Nucleotide and dinucleotide effects on rates of paroxysmal depolarising bursts in rat hippocampus.

Slices of rat hippocampus can be induces to generate spontaneous interictal-like bursts of action potentials when perfused with a with a medium containing no added magnesium and 4-aminopyridine (4AP). The frequency of these bursts is depressed by adenosine 5'triphosphate (ATP) and this effect can be prevented by cyclopentyltheophylline but not by adenosine deaminase. AMP (50 microM) had a similar action to reduce discharge rate. At 10 microM, adenosine, diadenosine tetraphosphate and diadenosine pentaphosphate all decreased the burst frequency.
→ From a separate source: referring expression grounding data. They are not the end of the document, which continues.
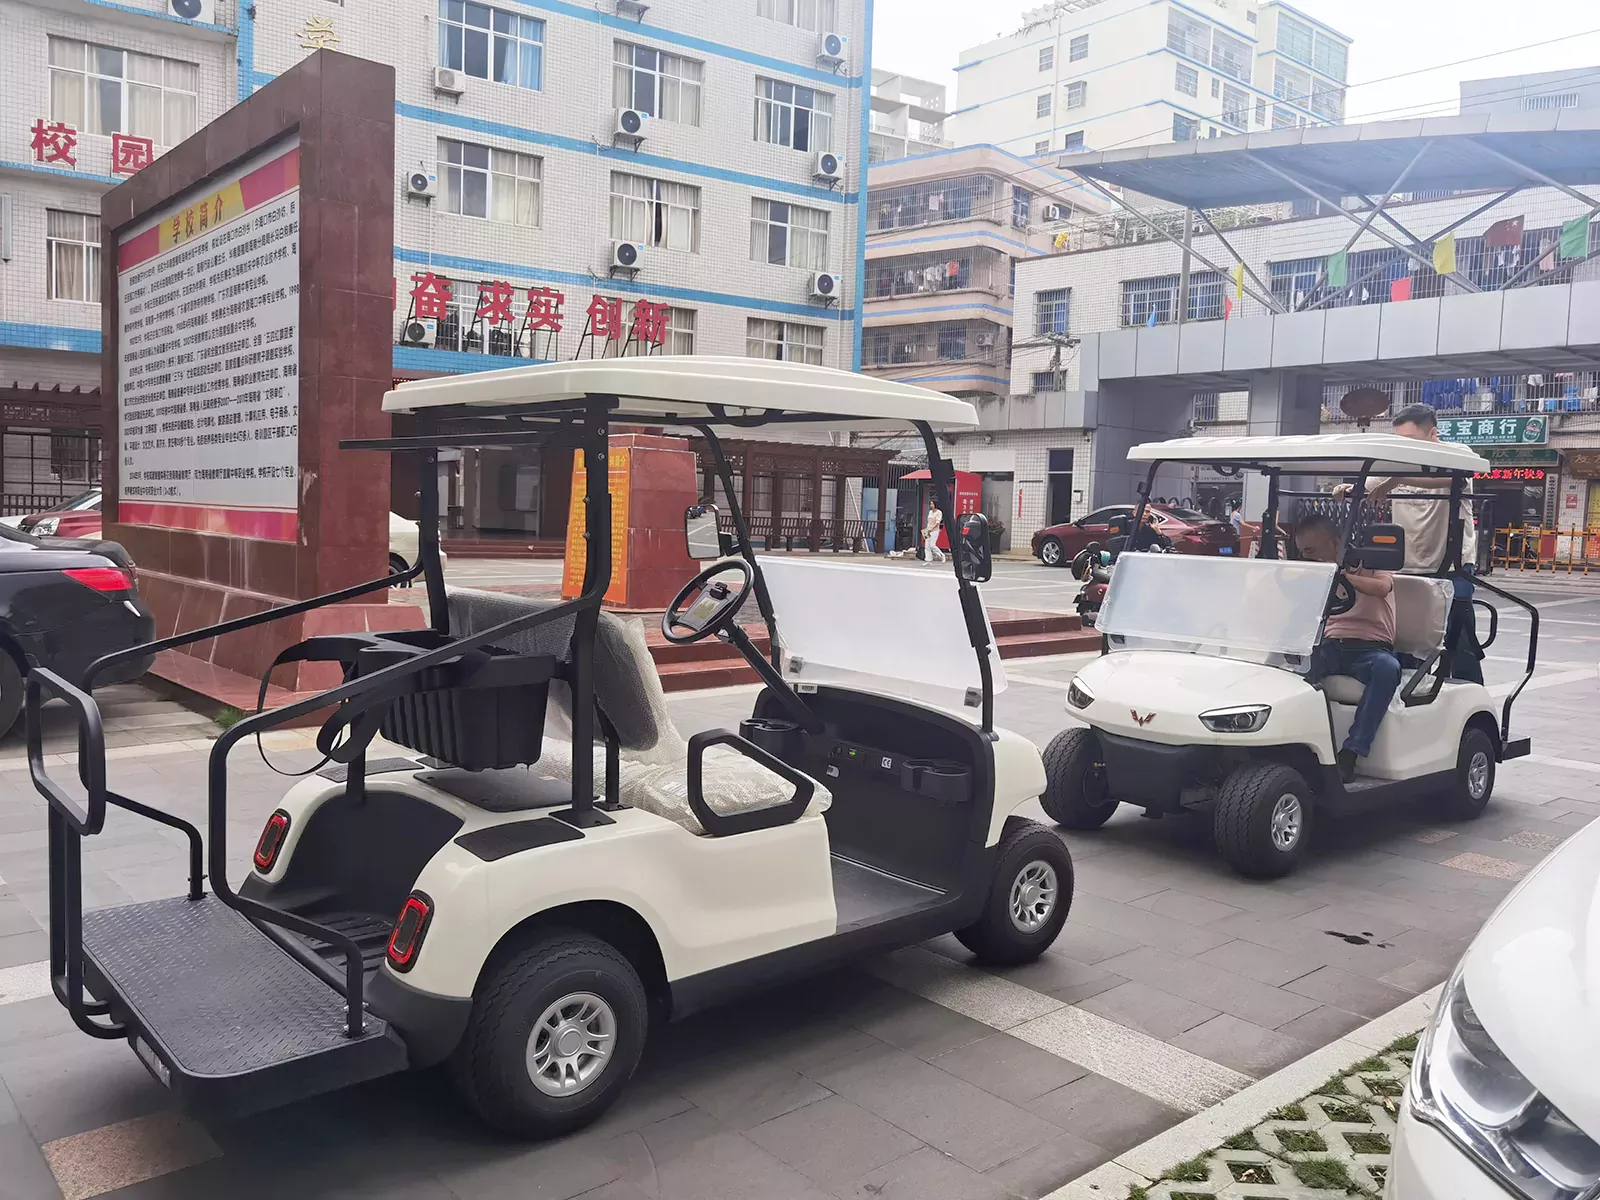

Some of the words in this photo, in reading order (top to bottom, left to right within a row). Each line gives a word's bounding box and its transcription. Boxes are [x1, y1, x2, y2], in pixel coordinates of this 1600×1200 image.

[30, 118, 154, 174] 校园
[172, 194, 224, 245] 学校简介
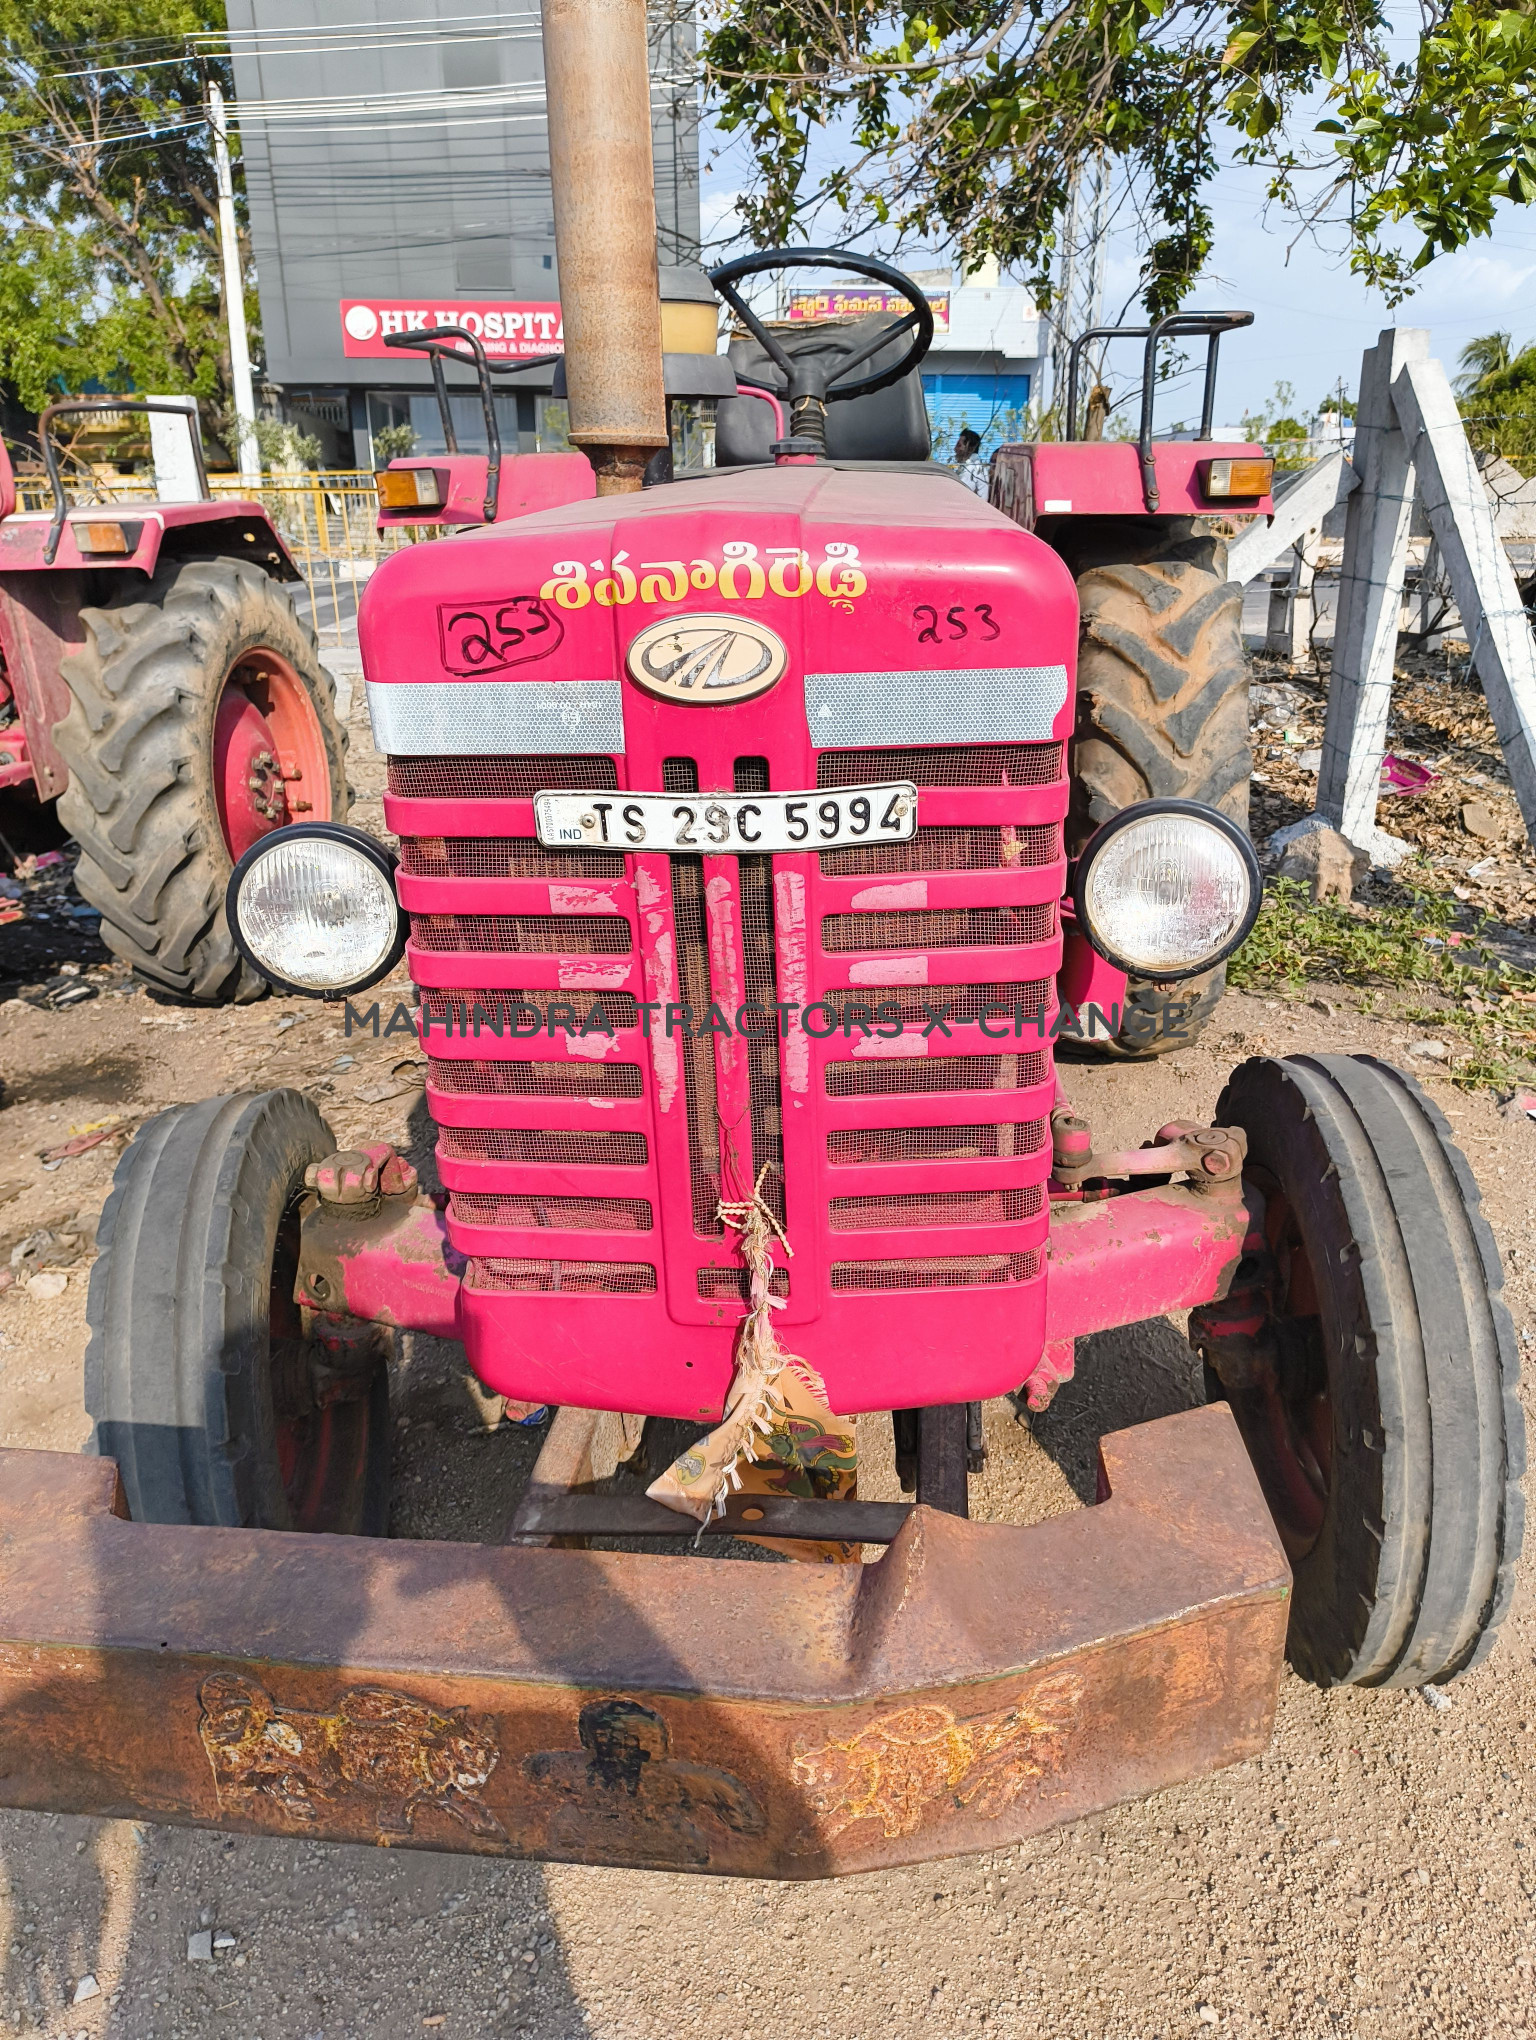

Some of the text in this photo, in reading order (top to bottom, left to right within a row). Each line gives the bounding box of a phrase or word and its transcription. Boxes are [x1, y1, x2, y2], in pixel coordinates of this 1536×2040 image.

[379, 310, 564, 340] HK HOSPIT
[509, 342, 517, 353] &
[448, 597, 552, 664] 253
[917, 605, 999, 643] 253
[559, 828, 582, 840] IND
[593, 803, 646, 842] TS
[785, 793, 902, 842] 5994
Adenosine deaminase (0.2 U ml-1) totally annulled the inhibition of epileptiform activity produced by 10 microM adenosine but reduced only the later components of the inhibition by 10 microM diadenosine tetraphosphate and diadenosine pentaphosphate. Cyclopentyltheophylline prevented the depression of burst discharges by diadenosine tetraphosphate. 5'-adenylic acid deaminase (AMPPase) did not significantly alter the discharge rate over the 10 min superfusion period used for drum application but did prevent the depressant effect of AMP and ATP. AMP deaminase did not prevent the inhibitory effects of diadenosine tetraphosphate. The results suggests that in the CA3 region of the hippocampus, diadenosine tertraphosphate and diadenosine pentaphosphate act partly by stimulating xanthine sensitive receptors directly and partly via metabolism to adenosine, and that AMP may be responsible for the inhibitory effects of ATP on epileptiform activity.